Il ne va pas sans dire que cette distinction à partir de ce jour a déclenché des conflits inexpiables et sanglants entre les deux branches familiales à savoir « Les Tournebœuf » du Grand Varennes et la famille de Brunel de Serbonnes, quant à leur légitimité seigneuriale respective. Le Parlement de Paris reconnaîtra l’égalité entre les deux fiefs en 1624. Ainsi, ces derniers deviendront distinctement les seigneurs en « partie » de Serbonnes. 17 Bien sûr, et l’histoire nous l’apprendra, tout ceci sur fond de convulsions religieuses ayant sévi durant les 50 dernières années, Sens étant le théâtre du premier grand massacre des protestants par les catholiques le 12 avril 1562. S’en continueront les déchirements entre les huguenots, pour ce qui nous concerne menés par Coligny pour le compte de Louis de Condé, seigneur de Vallery et le chef de la ligue catholique le Duc de Guise, nous amenant à cette date fatidique du 1er août 1589, correspondant au régicide du roi Henri III par Jacques Clément, religieux et natif de Serbonnes.

 

Placé au couvent des Dominicains rue Beaurepaire à Sens, devenu moine et envoyé faire de brillantes études à Paris, Jacques Clément, inscrit à jamais sur les registres des événements de l’histoire, dans ce contexte conflictuel, a pu être instrumentalisé et désigné par le prieur de la ligue catholique pour assassiner Henri III à Saint Cloud où le roi tenait le siège de Paris.
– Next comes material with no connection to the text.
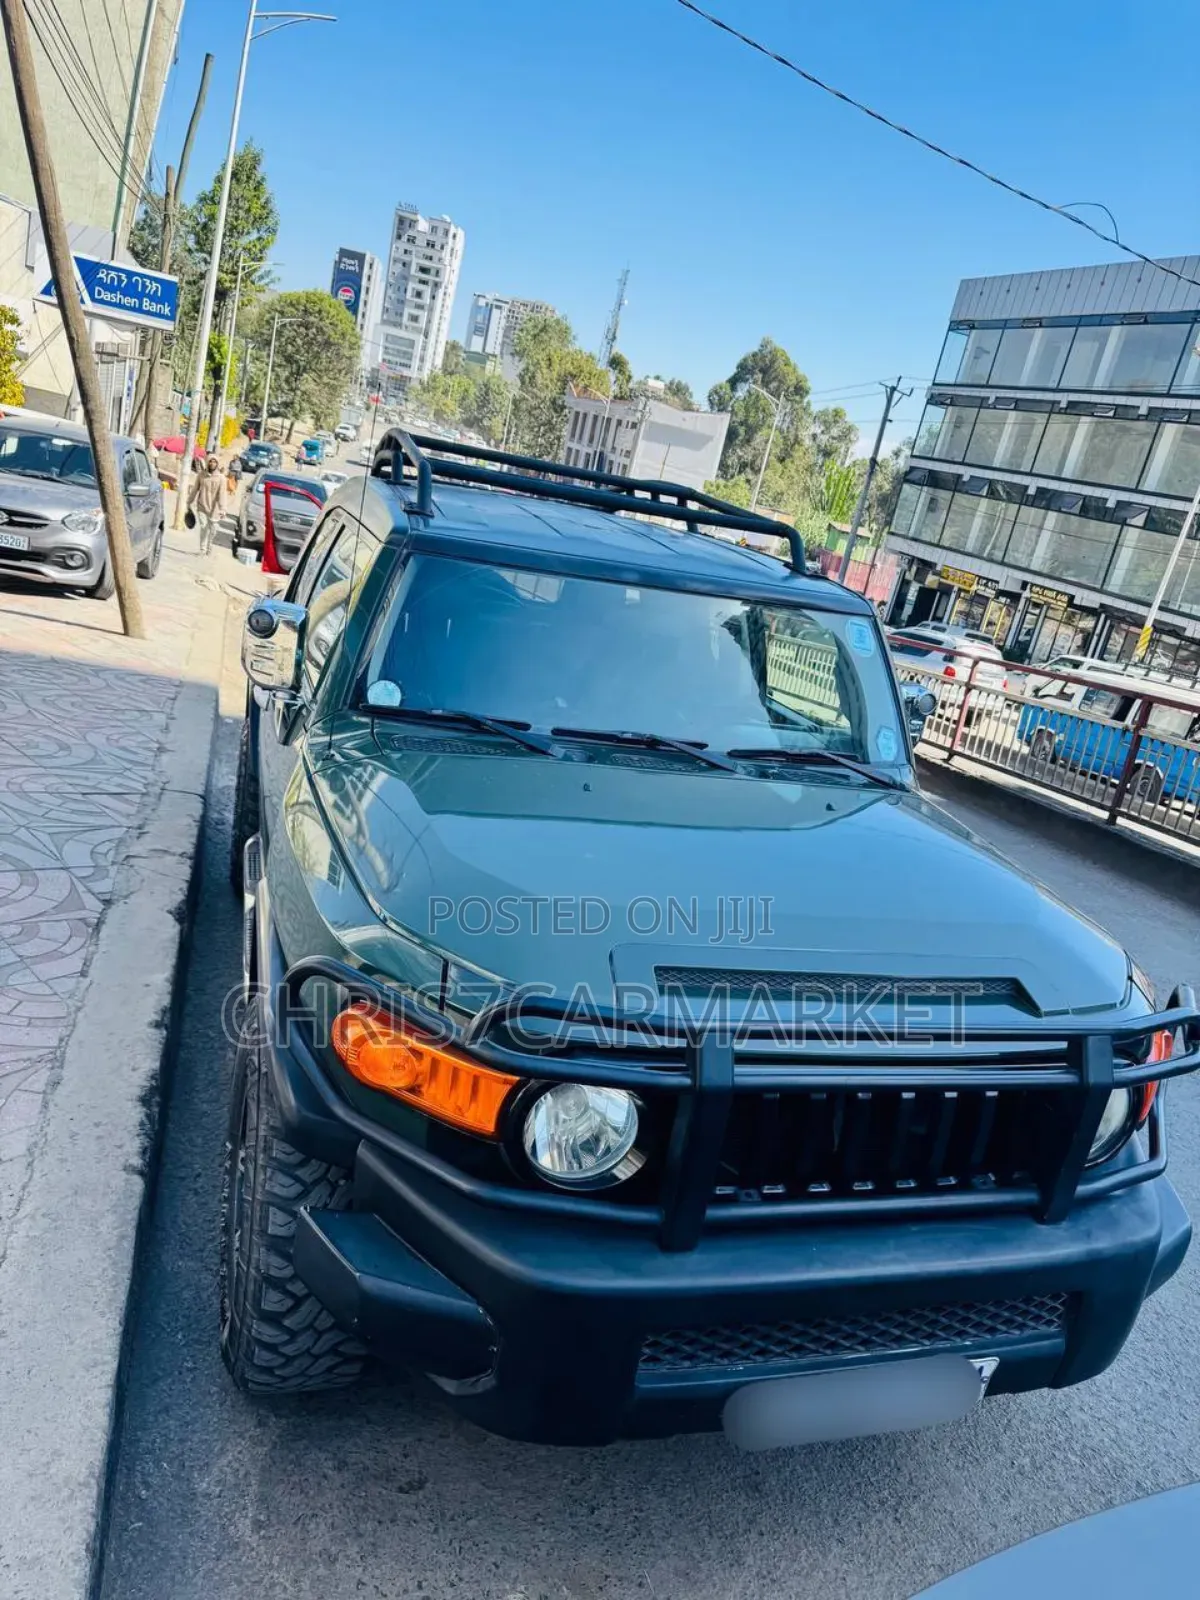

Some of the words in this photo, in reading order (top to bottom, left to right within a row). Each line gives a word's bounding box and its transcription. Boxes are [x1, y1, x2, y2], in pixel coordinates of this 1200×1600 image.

Mais Jacques Clément, comme le laisse apparaître le fruit de récentes recherches, eut aussi pu tout bonnement se venger, à la suite d’une grâce que le roi aurait accordée à un Seigneur de Serbonnes, Edmée Tournebœuf, pour avoir tué un Sieur Clément, fermier demeurant à Serbonnes, pouvant s’apparenter à son père… Toujours est-il que dans cette situation troublante, il n’est pas à écarter que Marguerite de Bronze, mariée à Mathieu de Brunel de Serbonnes, contemporaine de Jacques Clément et de surcroît maîtresse d’Henry III, dans ce petit village où tout le monde se connaissait, a pu être influente afin que Jacques Clément puisse approcher le roi avec autant de facilité…

S’en suivront les dispositions testamentaires d’Henry III qui mourra le lendemain en nommant son neveu Henry IV futur roi de France, ce dernier étant prêt déjà à prendre d’un coup Paris et le pouvoir. Car « Paris vaut bien une messe… »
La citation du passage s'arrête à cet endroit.